DIRECTIONS:
The records that follow need to be printed exactly. Leave out each image.

DATA TO EXAMINE:
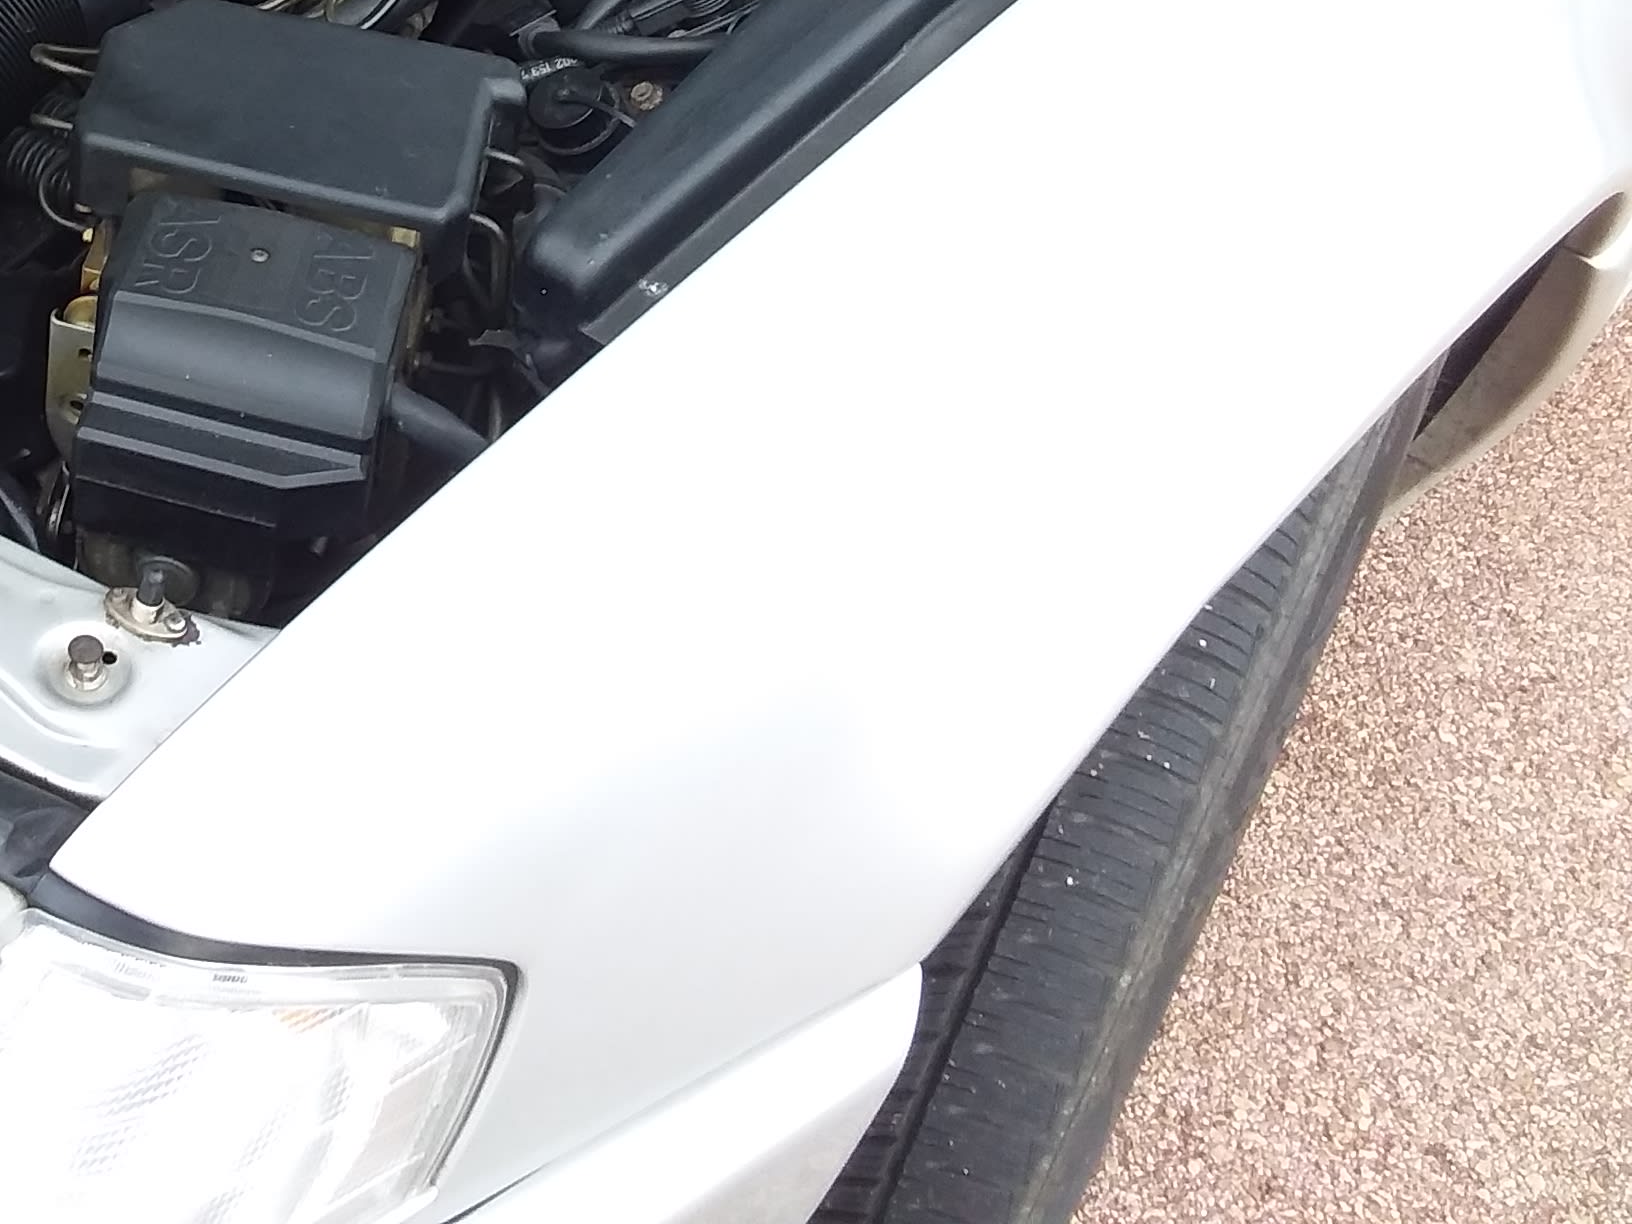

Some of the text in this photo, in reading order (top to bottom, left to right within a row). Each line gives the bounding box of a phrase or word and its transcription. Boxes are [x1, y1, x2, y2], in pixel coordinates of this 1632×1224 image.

[531, 61, 552, 77] 153
[135, 196, 223, 295] ASR
[294, 232, 376, 333] ABS
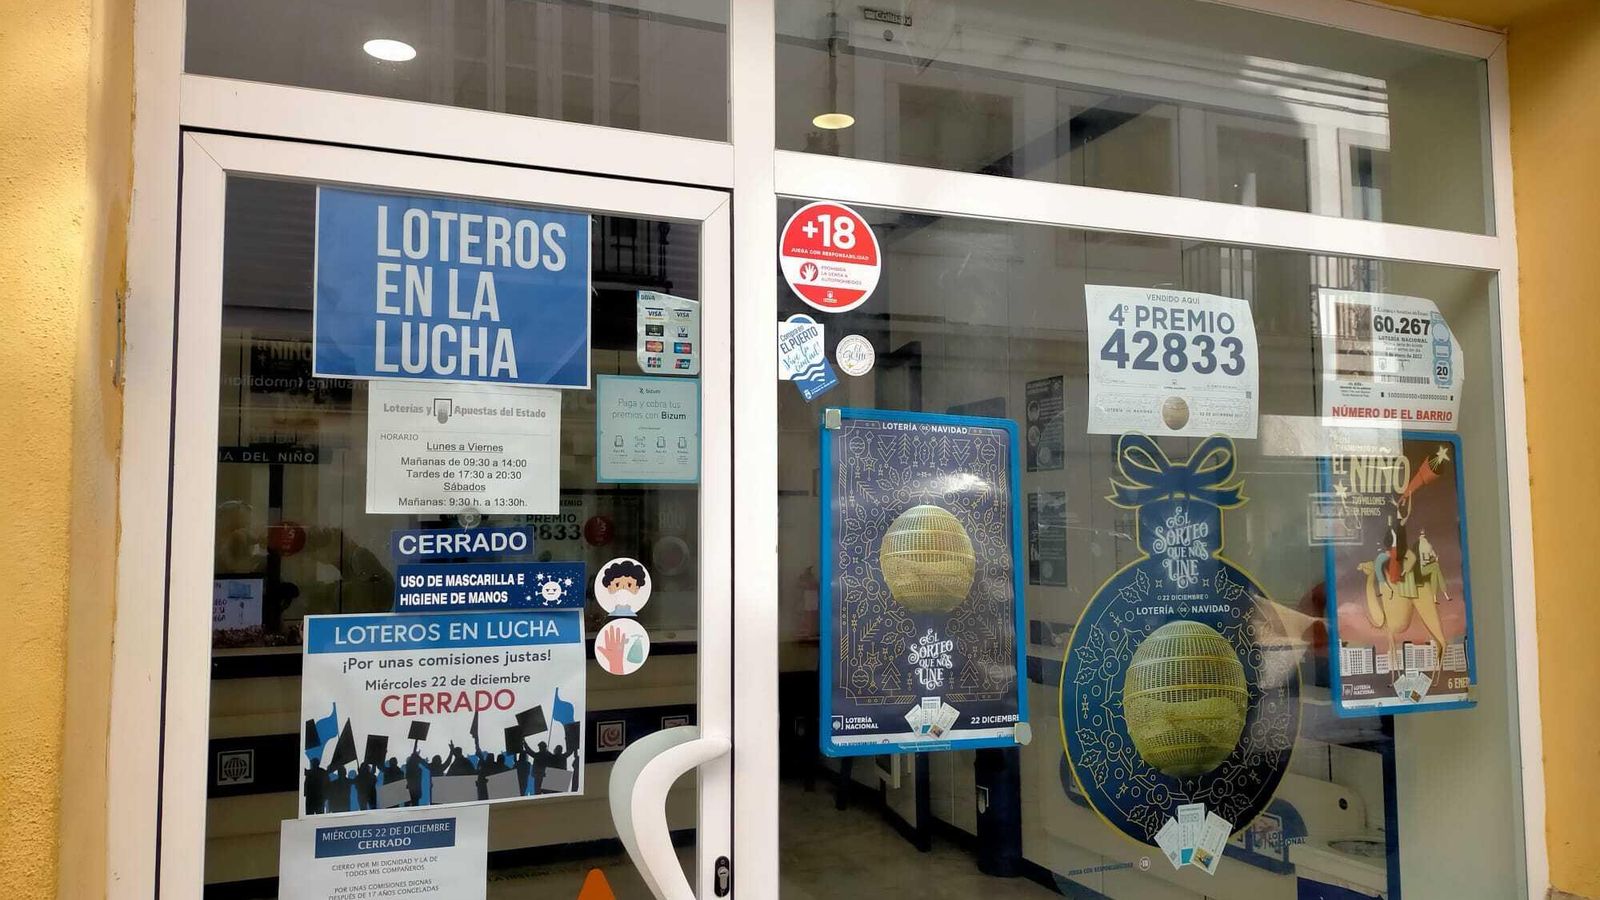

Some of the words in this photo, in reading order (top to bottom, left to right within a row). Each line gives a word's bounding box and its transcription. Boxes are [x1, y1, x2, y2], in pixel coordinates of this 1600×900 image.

YOUR RESPONSE:
Some of the text in this photo, in reading order (top to bottom, left to right within a row). Each line gives the bounding box of a phrase or word and its transcription. Boxes are [x1, y1, x2, y2], in pixel coordinates of this 1632×1224 image.

[531, 61, 552, 77] 153
[135, 196, 223, 295] ASR
[294, 232, 376, 333] ABS

Some of the words in this photo, in reading order (top to bottom, left to right within a row). Each line gives a word's bounding box and its transcription. Boxes are [x1, y1, x2, y2], in pixel coordinates of this 1600×900 image.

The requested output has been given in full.